Williams v. Amerisave Mortgage Corporation
This text of Williams v. Amerisave Mortgage Corporation (Williams v. Amerisave Mortgage Corporation) is published on Counsel Stack Legal Research, covering District Court, D. Maryland primary law. Counsel Stack provides free access to over 12 million legal documents including statutes, case law, regulations, and constitutions.
Opinion
UNITED STATES DISTRICT COURT DISTRICT OF MARYLAND
Chambers of 101 West Lombard Street GEORGE L. RUSSELL, III Baltimore, Maryland 21201 Chief United States District Judge 410-962-4055
July 8, 2025
MEMORANDUM TO PARTIES RE: Williams v.
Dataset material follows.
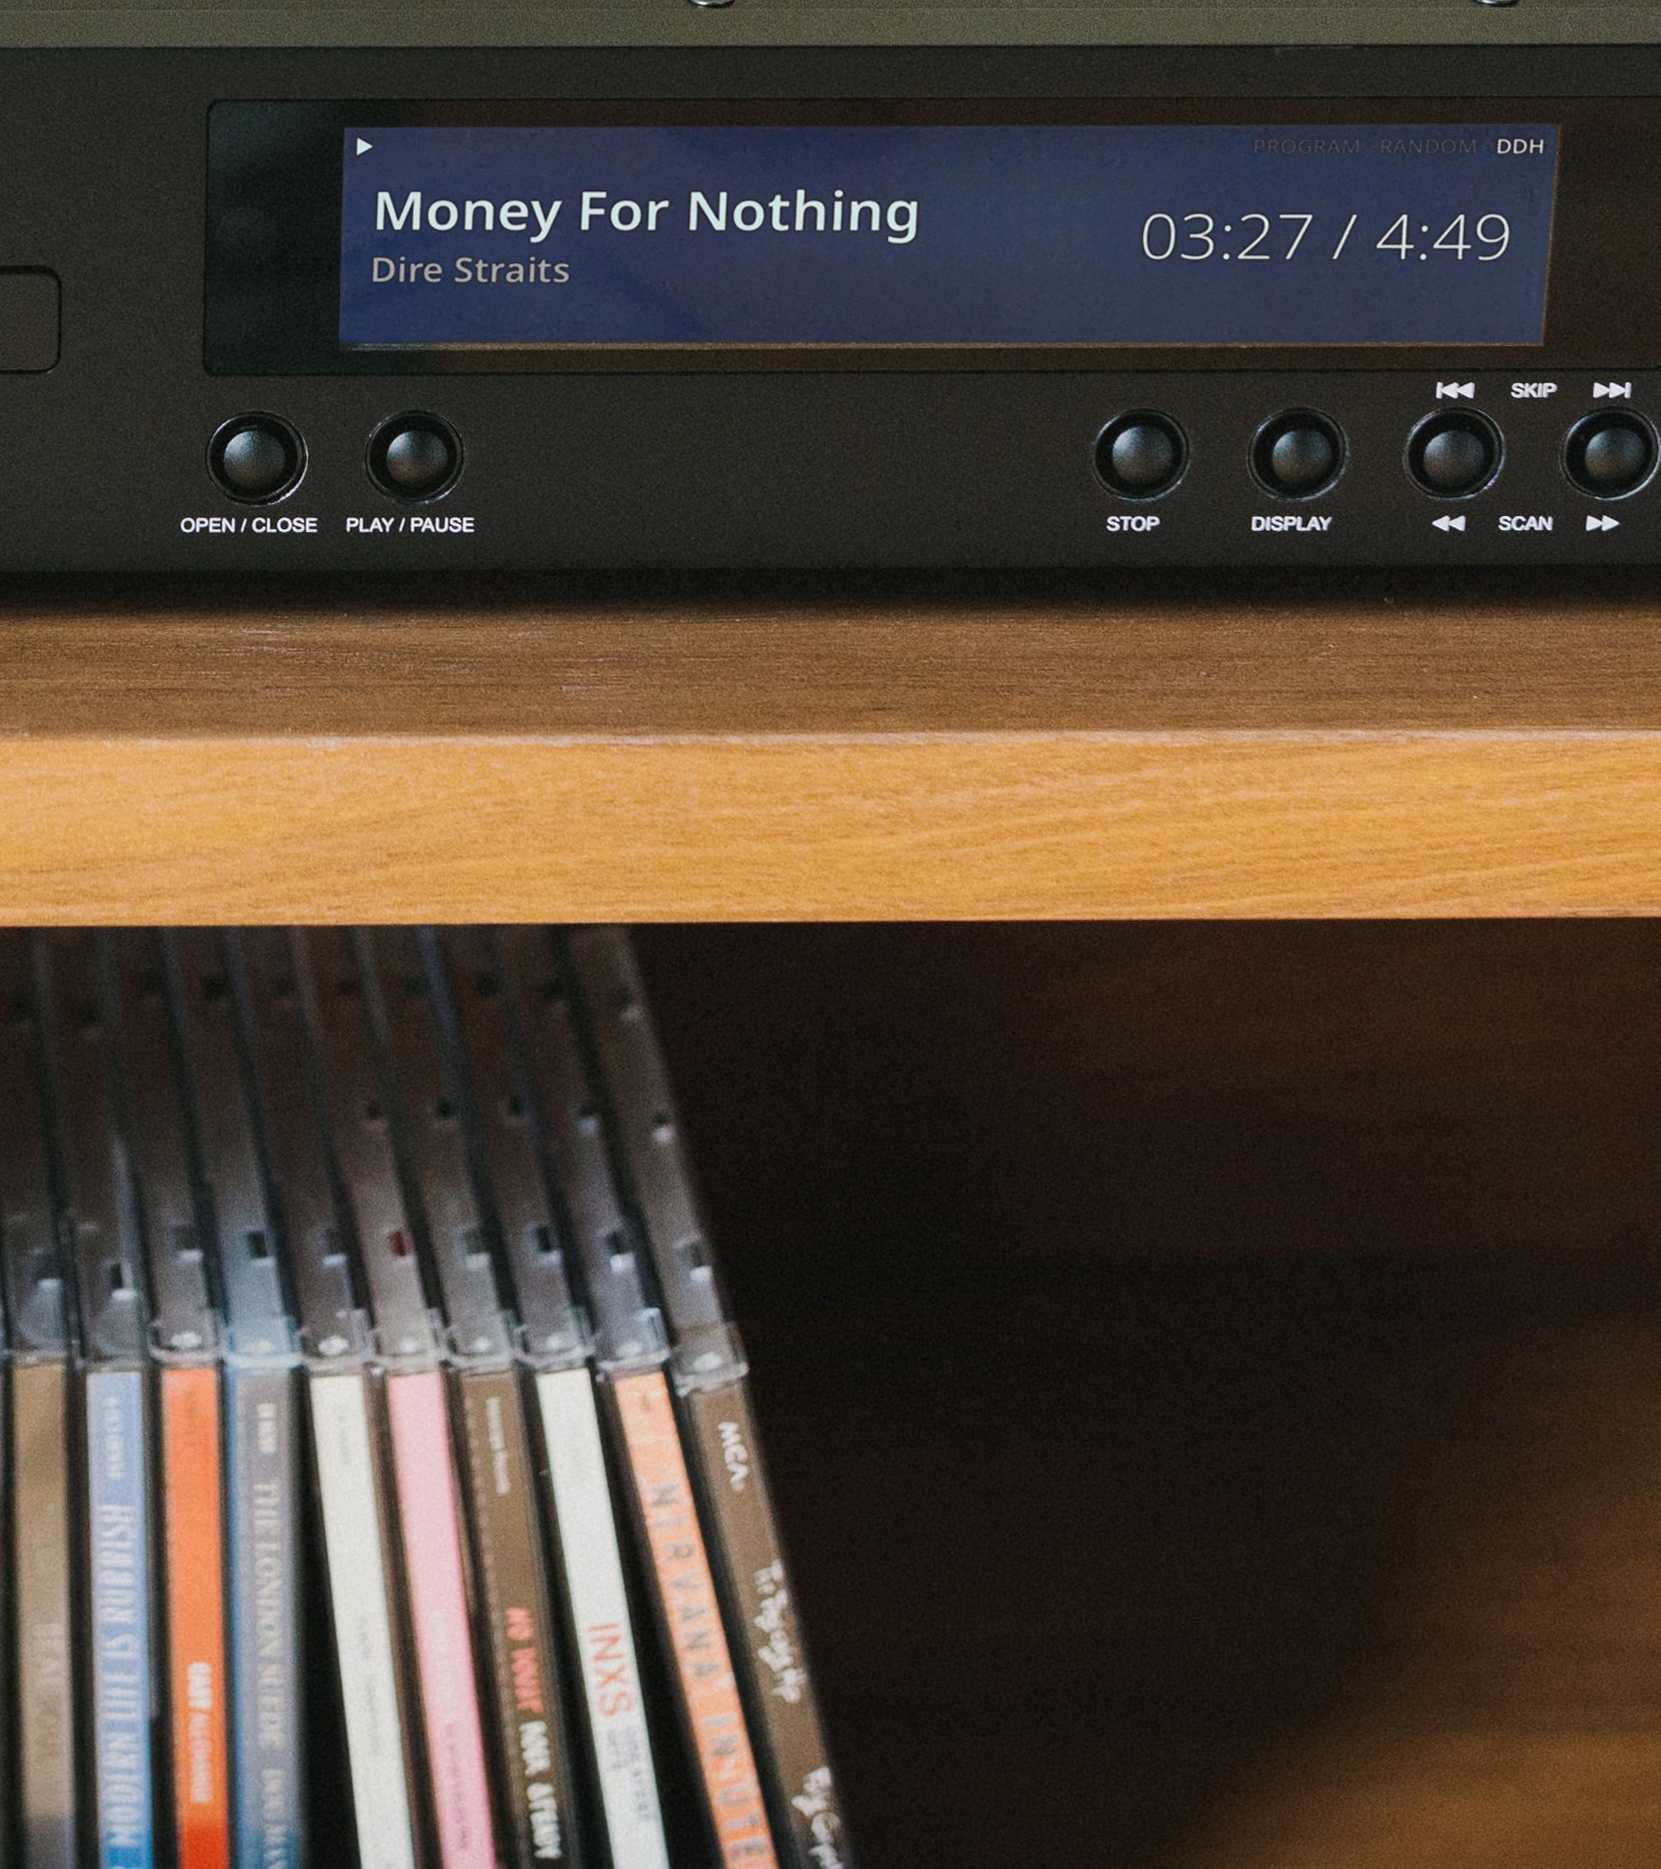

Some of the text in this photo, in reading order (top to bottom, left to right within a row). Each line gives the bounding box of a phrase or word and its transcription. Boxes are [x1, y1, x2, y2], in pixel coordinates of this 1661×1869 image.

Amerisave Mortgage Corporation, et al. Civil Action No. GLR-25-2053
Dear Parties:
Pending before the Court is self-represented Plaintiff Sharon White Williams’ Motion for Temporary Restraining Order and Preliminary Injunction (ECF No. 2).1 No hearing is necessary. See Local Rule 105.6 (D.Md. 2025). For the reasons set forth below, the Court will deny the Motion.
Background
On or about May 24, 2022, self-represented Plaintiff Sharon White Williams executed a promissory note and mortgage for $735,000 for the purchase of the subject property located at 6364 Euclid Avenue, Elkridge, MD 21075-5622. (Compl. ¶ 2, ECF No. 1; Mot. TRO Prelim. Inj. [“Mot.”] at 1, ECF No. 2).2 Defendant AmeriSave Mortgage Corporation (“AmeriSave”) was the lender and original servicer of the loan. (Compl. ¶¶ 2–3). AmeriSave later transferred servicing rights to Defendant Planet Home Lending LLC (“Planet Home Lending”). (Id. ¶ 3). At some point unknown to this Court, Williams alleges that AmeriSave sent her IRS form 1099-C, which indicated the cancellation of her loan. (Id. ¶ 7). But Defendants continued to demand monthly loan payments. (Id. ¶ 6). Williams alleges that she submitted Qualified Written Requests and Billing Error Notices to AmeriSave; however, she did not receive an adequate response. (Id. ¶ 8). In or around April 2025, Planet Home Lending allegedly recorded a false assignment of Williams’ property with Howard County Land Records. (Id. ¶ 13). Williams asserts that Defendants are “threatening to proceed with foreclosure, collection, and damage to [her] credit and property rights by or before July 10, 2025.” (Mot. ¶ 3).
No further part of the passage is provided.